The scenario is not without precedent.
After a Massachusetts jury sentenced Gary Lee Sampson to death in 2003 for three murders carried out across two states, a judge later overturned the verdict when it came to light that one of the jurors in the case had lied about her background.
During a retrial in 2017, a second jury condemned Sampson to death.
But there are risks, too.
Included in last week’s ruling was the panel’s determination that certain information should have been disclosed to the defense prior to the original trial, including the alleged violent actions of Tsarnaev’s older brother, Tamerlan, which the defense would likely use as a mitigating factor to show that Tsarnaev was influenced by his brother. That could hinder the prosecution’s case.
What’s more, a new trial would come at a steep cost, both in the time and money required to regather witnesses and legal teams in the middle of a global pandemic — all in pursuit of a death sentence that, even if it were handed down again, might never actually be carried out.
“It’s almost symbolic,” said Nancy Gertner, a former federal district court judge who now teaches criminal law at Harvard Law School. Even if a jury again rendered a death sentence, “it could take years and years and years for this verdict to become final, and who knows what the politics in those days would be?”

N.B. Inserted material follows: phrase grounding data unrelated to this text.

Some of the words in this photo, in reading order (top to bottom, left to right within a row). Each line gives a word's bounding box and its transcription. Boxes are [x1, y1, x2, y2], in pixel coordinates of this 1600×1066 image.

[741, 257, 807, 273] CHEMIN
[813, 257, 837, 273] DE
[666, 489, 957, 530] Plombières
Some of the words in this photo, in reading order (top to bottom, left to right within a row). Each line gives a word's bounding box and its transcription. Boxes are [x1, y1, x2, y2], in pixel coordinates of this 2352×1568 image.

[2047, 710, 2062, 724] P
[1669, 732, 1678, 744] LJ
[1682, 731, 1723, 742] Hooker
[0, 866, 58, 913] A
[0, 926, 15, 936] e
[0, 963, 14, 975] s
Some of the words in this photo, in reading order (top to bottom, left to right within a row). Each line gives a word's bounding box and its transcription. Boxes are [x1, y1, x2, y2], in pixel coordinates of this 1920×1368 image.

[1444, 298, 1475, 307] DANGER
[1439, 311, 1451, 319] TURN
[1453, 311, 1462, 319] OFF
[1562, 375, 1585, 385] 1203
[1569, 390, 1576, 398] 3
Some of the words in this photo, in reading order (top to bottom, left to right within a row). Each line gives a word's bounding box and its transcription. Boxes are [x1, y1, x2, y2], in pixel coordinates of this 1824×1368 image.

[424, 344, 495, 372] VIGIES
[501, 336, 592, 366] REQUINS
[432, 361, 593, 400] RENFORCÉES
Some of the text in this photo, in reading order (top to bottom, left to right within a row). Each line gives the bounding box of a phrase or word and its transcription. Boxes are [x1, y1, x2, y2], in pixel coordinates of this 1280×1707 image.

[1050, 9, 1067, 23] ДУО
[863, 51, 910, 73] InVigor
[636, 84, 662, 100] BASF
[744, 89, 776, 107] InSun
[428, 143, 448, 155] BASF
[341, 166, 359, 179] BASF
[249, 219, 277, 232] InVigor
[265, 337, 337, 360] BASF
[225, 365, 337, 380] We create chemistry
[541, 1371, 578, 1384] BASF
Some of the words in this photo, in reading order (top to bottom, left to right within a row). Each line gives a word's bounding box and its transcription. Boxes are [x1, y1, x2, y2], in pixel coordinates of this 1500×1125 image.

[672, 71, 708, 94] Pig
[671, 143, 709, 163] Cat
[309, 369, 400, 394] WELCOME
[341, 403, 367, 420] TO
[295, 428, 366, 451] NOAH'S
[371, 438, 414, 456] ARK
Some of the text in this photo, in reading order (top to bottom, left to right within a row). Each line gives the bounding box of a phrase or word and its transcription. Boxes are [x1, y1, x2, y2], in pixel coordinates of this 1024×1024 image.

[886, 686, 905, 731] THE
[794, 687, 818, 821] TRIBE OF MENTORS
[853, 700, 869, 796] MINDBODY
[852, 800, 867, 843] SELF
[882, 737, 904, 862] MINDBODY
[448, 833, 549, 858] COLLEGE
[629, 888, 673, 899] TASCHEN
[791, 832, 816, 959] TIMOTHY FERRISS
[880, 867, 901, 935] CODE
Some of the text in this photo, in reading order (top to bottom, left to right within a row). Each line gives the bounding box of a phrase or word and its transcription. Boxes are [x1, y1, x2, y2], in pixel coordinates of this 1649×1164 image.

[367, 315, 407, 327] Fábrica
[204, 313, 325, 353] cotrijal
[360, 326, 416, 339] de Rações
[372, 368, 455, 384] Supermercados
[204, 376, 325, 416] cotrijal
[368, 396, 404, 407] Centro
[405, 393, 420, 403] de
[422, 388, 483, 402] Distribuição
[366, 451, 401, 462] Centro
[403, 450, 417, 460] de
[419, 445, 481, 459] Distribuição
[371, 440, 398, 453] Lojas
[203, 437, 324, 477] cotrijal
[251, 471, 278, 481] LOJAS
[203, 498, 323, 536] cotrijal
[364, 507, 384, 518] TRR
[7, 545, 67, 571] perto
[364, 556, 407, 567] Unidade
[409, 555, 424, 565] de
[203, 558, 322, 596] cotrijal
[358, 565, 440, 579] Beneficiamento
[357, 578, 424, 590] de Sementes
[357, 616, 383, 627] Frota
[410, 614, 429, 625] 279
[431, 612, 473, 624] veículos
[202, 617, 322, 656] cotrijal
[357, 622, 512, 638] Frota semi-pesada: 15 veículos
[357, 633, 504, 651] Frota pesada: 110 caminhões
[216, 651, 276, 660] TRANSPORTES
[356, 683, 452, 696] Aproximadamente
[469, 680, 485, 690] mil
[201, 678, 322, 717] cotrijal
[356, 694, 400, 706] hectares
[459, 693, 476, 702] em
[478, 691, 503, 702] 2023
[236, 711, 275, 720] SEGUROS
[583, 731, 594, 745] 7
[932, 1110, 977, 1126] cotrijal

Indeed, while federal executions have recently picked up under the Trump administration, they remained exceedingly rare in the preceding decades; between the late 1980s and 2019, only three of the more than 500 defendants facing federal capital punishment were actually executed. Public support for the death penalty has waned, too, with a 2019 Gallup poll showing that, for the first time, the majority of Americans supported life imprisonment over the death penalty.
There’s always the possibility, meanwhile, that a new presidential administration could elect to shelve any effort to retry the case.
If a new trial does come to pass, it’s unlikely it would be held any time soon due to COVID-related court delays.
As of now, all federal jury trials scheduled in the District Court of Massachusetts through Sept. 8 have been continued, with the possibility of additional delays. And even as federal trial courts reopen, they’ll do so under restrictions and safety protocols that could “make it impossible to try a death penalty case,” said former federal prosecutor George Vien.
In a city still working to recover from the bombing and its aftermath, meanwhile, there is also the issue of emotional toll.
And despite the political implications of the case, the potential for added trauma, some say, should be strongly considered in any decision on whether to push forward.
“There are reasons that the government may want to do it,” said Dunham, of the Death Penalty Information Center. “But when the government makes that choice, it has long-term psychological consequences for everyone who was involved.
“So the question becomes: How much is that cost worth?”